The food bank’s next fundraiser is scheduled for late May. Scruby said they haven’t decided if they’ll cancel it or not.

“At this point, it’s all up in the air,” he said. “It’s hard to plan anything at this point.”

At least one food bank has already closed in the province, while others are limiting their hours. A message on the Lac La Ronge Food Bank’s Facebook page said they would be closed starting Tuesday, March 17.

“This was a very tough decision,” read the message from the Lac La Ronge Food Bank board. “We are trying to slow down coronavirus in our communities. Please do what you can to keep yourself, your family and the community safe and well. Thank you.”

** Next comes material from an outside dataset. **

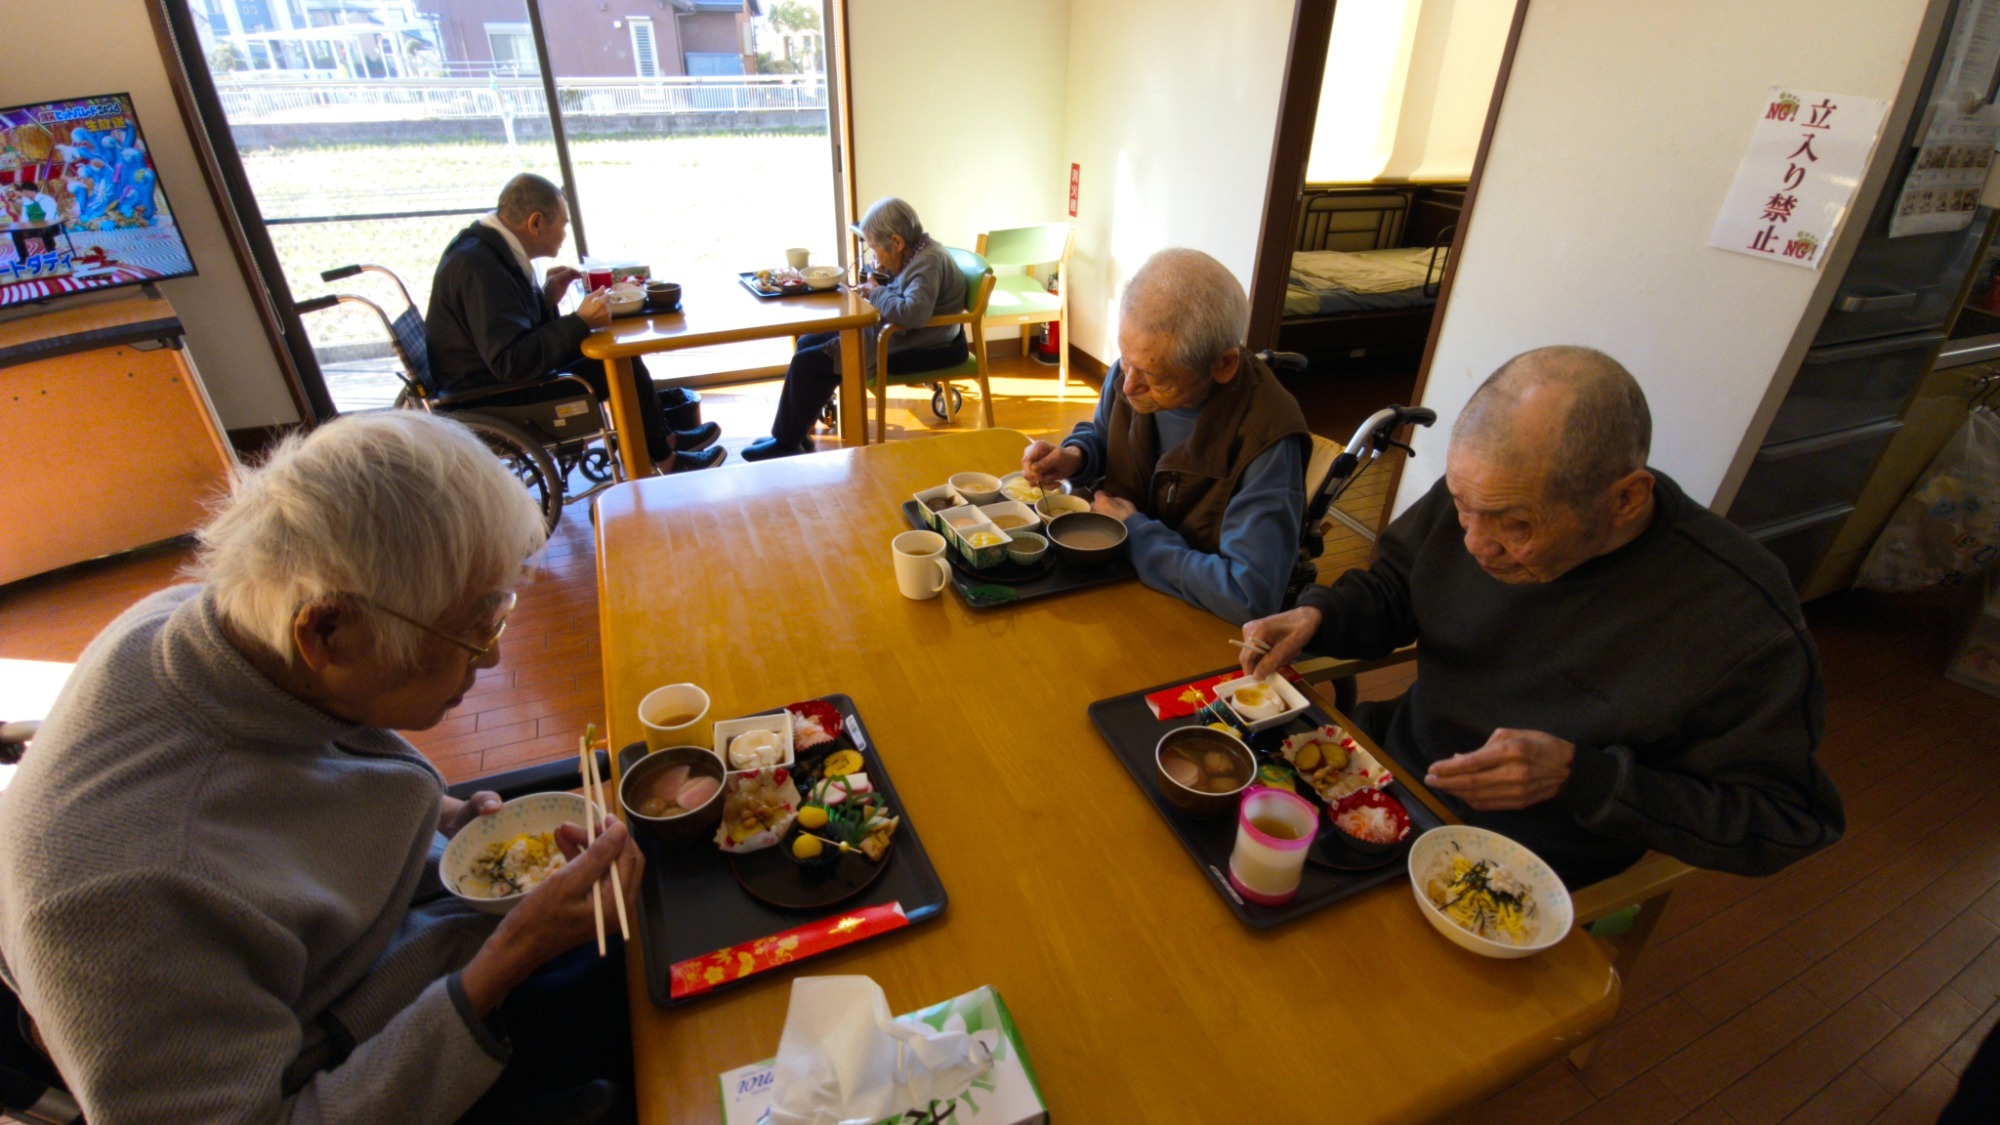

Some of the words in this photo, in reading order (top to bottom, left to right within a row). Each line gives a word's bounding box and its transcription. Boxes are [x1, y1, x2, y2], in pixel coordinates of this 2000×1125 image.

As the provincial government tightens restrictions to prevent the spread of COVID-19, the Prince Albert Grand Council has taken the next step towards helping vulnerable Prince Albert residents.

Earlier this week the PAGC’s Urban Services division started collecting basic necessities for elders, single-parent families and disabled residents in Prince Albert.

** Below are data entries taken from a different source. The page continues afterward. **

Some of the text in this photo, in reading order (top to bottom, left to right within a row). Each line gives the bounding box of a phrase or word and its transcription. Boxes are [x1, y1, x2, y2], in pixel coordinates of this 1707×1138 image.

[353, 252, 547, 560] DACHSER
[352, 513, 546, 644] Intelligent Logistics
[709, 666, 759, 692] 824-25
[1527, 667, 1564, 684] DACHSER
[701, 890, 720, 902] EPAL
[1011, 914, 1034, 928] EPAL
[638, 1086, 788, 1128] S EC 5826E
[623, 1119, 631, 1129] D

Urban Services director Geo Despins said they’ve already started handing out some Emergency Care Packages, and hope to hand out many more as conditions get tougher.

“Our main focus is the elders and the vulnerable who can’t get around and struggle to find transportation,” Despins said between deliveries on Thursday. “That’s what we want.”

Despins said transit services can be really helpful for vulnerable residents, but right now it’s too much of a danger. They’re trying to minimize contact as much as possible, and that includes contact with PAGC employees who deliver the package. They’re being instructed to ring or knock at a house, then leave the care package on the front step and wait in their vehicle. Once the resident has opened the door and taken the care package, the employee drives away.

“We want to make sure everybody just stays clear of people and keeps their distance,” Despins said. “We’re following the COVID-19 rules. We want to make sure everybody’s washing their hands as well. We’re trying to get the message out to every family.”

Despins added that it’s been encouraging to see PAGC leaders, staff, Urban Services, and Prince Albert residents pull together during a difficult time.

“Everybody is doing their part and working,” he said. “It’s great to see that, everybody working together at a time of need.”

Anyone wishing to donate non-perishable food items and disinfecting supplies to the PAGC’s emergency care package program can do so at 1410B Central Avenue between the hours of 10 a.m. and 4 p.m. Donors are asked to call ahead to ensure the safety of staff and volunteers. The number is 306-765-5300.

The PAGC is asking for the following donations: dried pasta and rice, pasta sauce, canned soup, vegetables and beans, pet food and supplies, feminine hygiene products, thermometers, diapers, alcohol-based sanitizer, fever-reducing medication, facial tissue, toilet paper, paper towels, plastic garbage bags, dish soap, laundry detergent, household bleach, household cleaning products and soap.